Set down a true copy of the data, with all pictures left out.

> PROVIDED DATA
++++++++++++++++++++

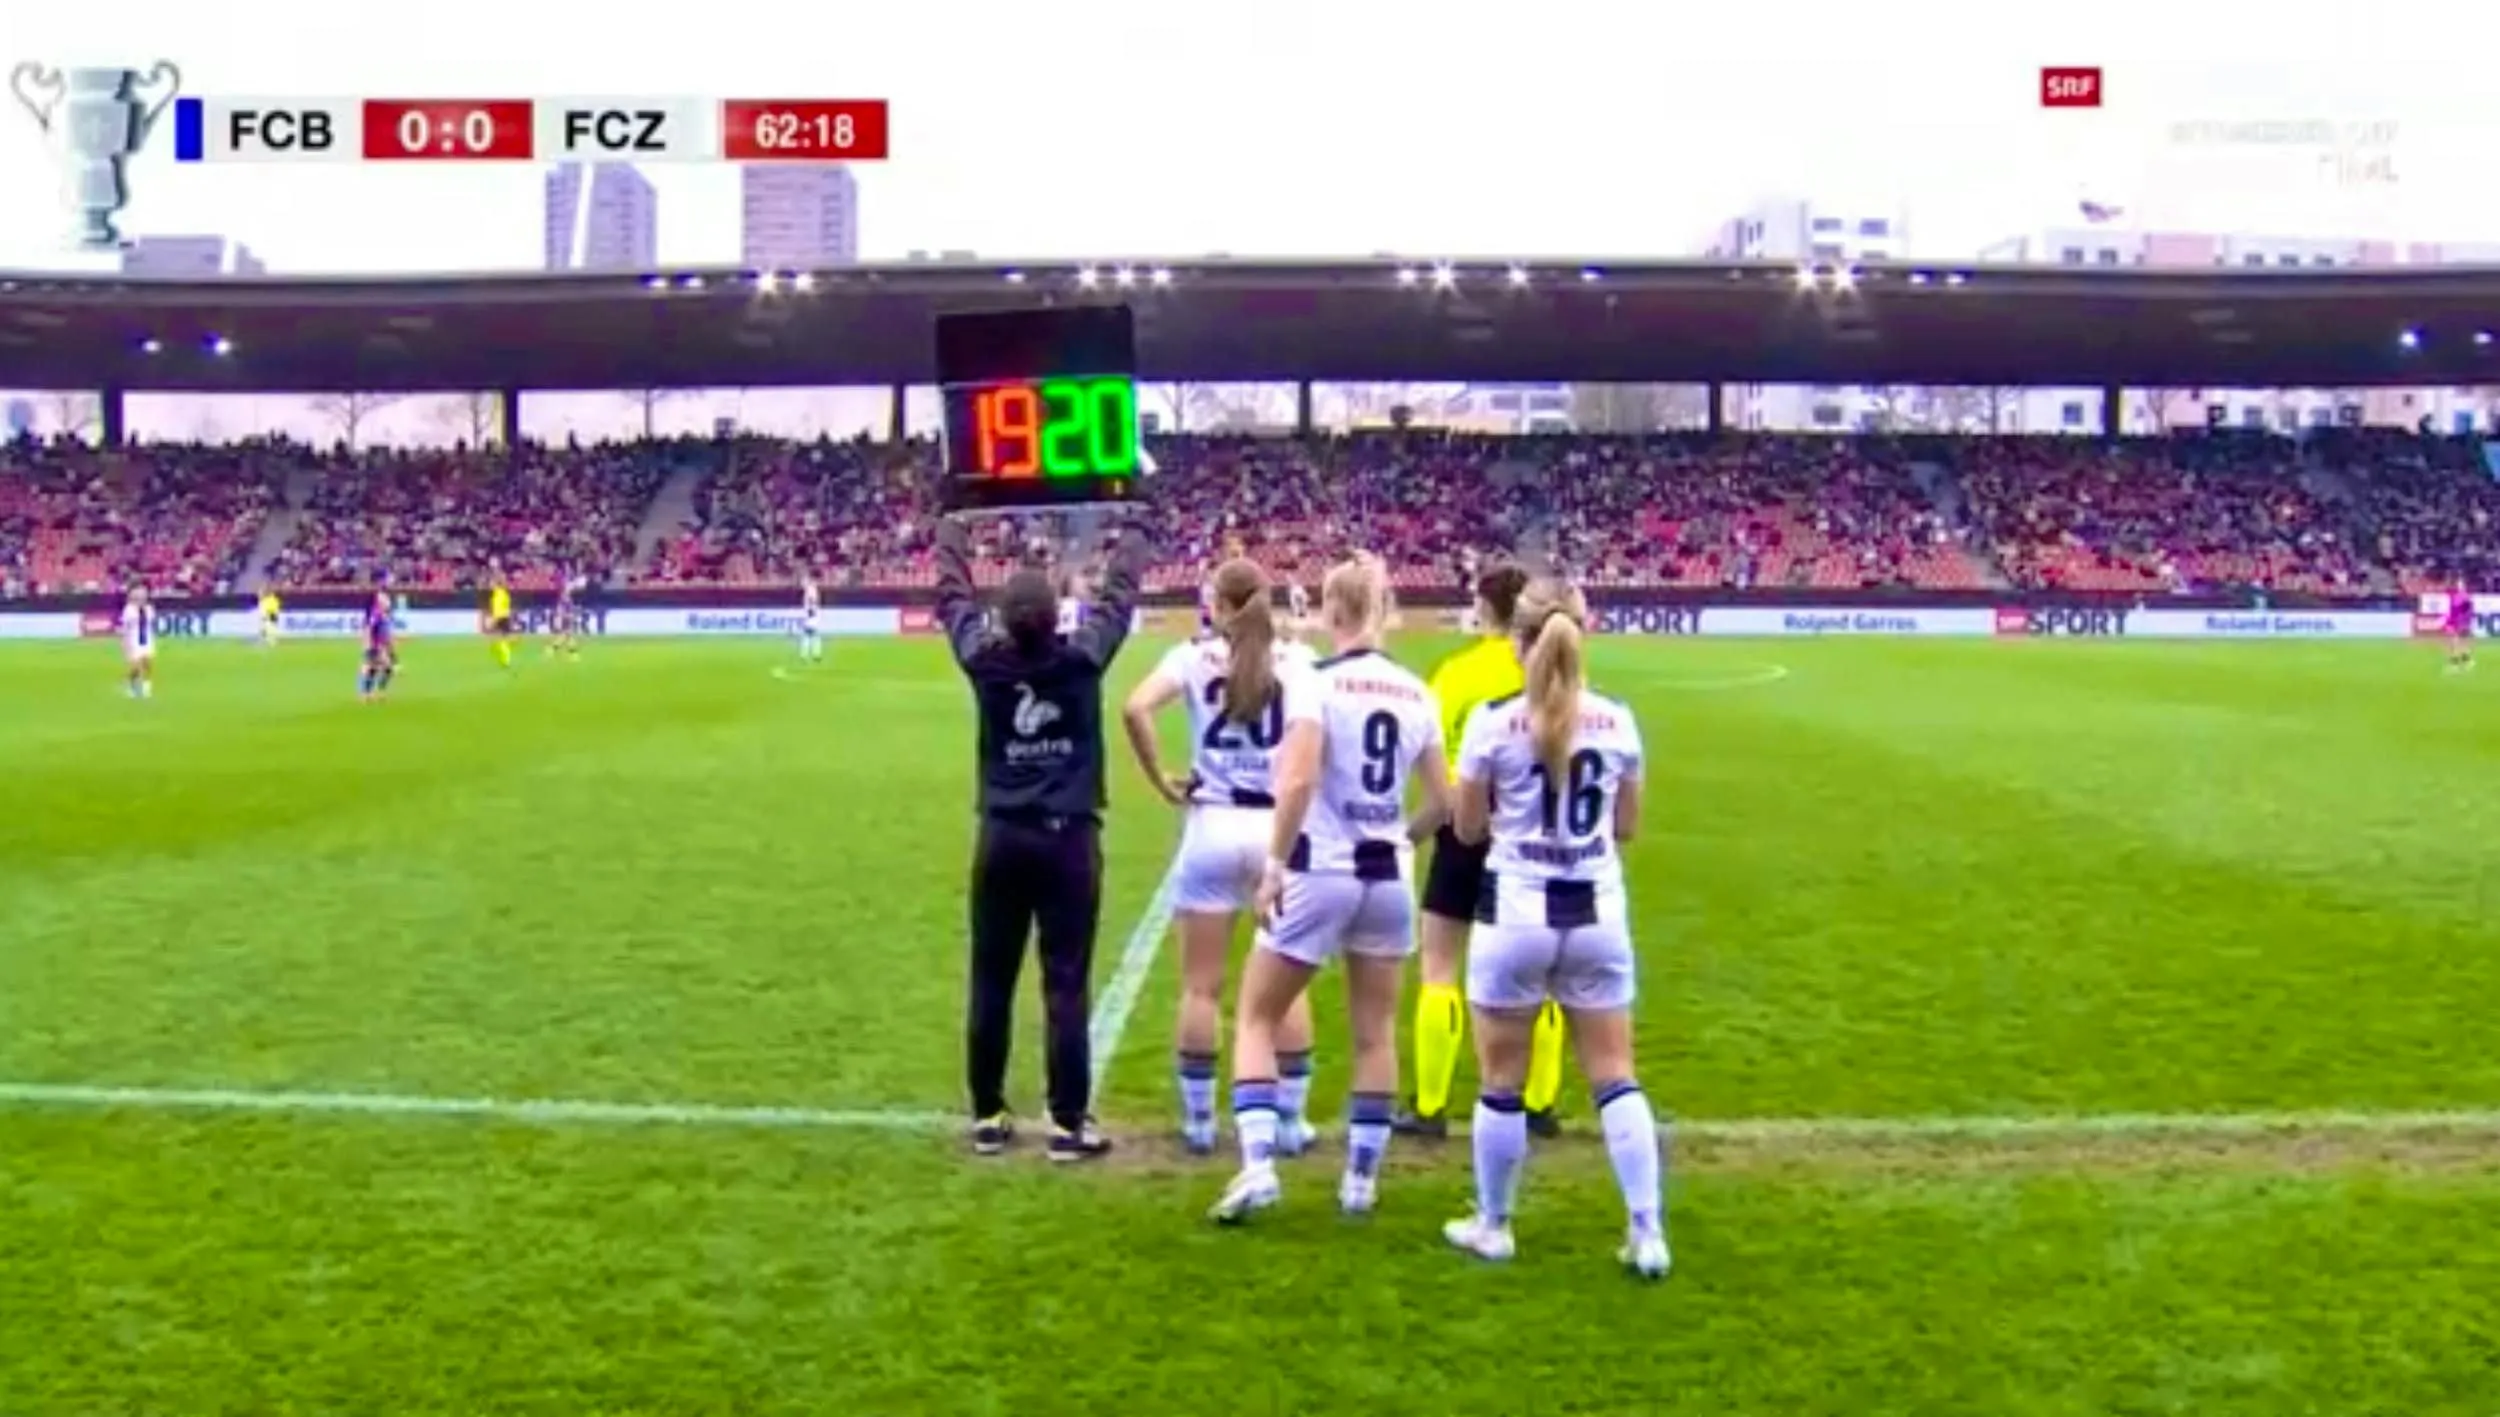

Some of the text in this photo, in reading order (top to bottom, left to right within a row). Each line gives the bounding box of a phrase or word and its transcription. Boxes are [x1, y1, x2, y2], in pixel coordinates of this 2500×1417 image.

[974, 378, 1136, 477] 19 20
[1600, 606, 1702, 634] SPORT
[2028, 608, 2128, 635] SPORT
[1203, 676, 1284, 749] 20
[1362, 709, 1399, 794] 9
[1529, 748, 1604, 837] 16

++++++++++++++++++++

> SOLUTION TO THIS TASK
Some of the text in this photo, in reading order (top to bottom, left to right within a row). Each line gives the bounding box of a phrase or word and its transcription. Boxes are [x1, y1, x2, y2], in pixel coordinates of this 2500×1417 image.

[974, 378, 1136, 477] 19 20
[1600, 606, 1702, 634] SPORT
[2028, 608, 2128, 635] SPORT
[1203, 676, 1284, 749] 20
[1362, 709, 1399, 794] 9
[1529, 748, 1604, 837] 16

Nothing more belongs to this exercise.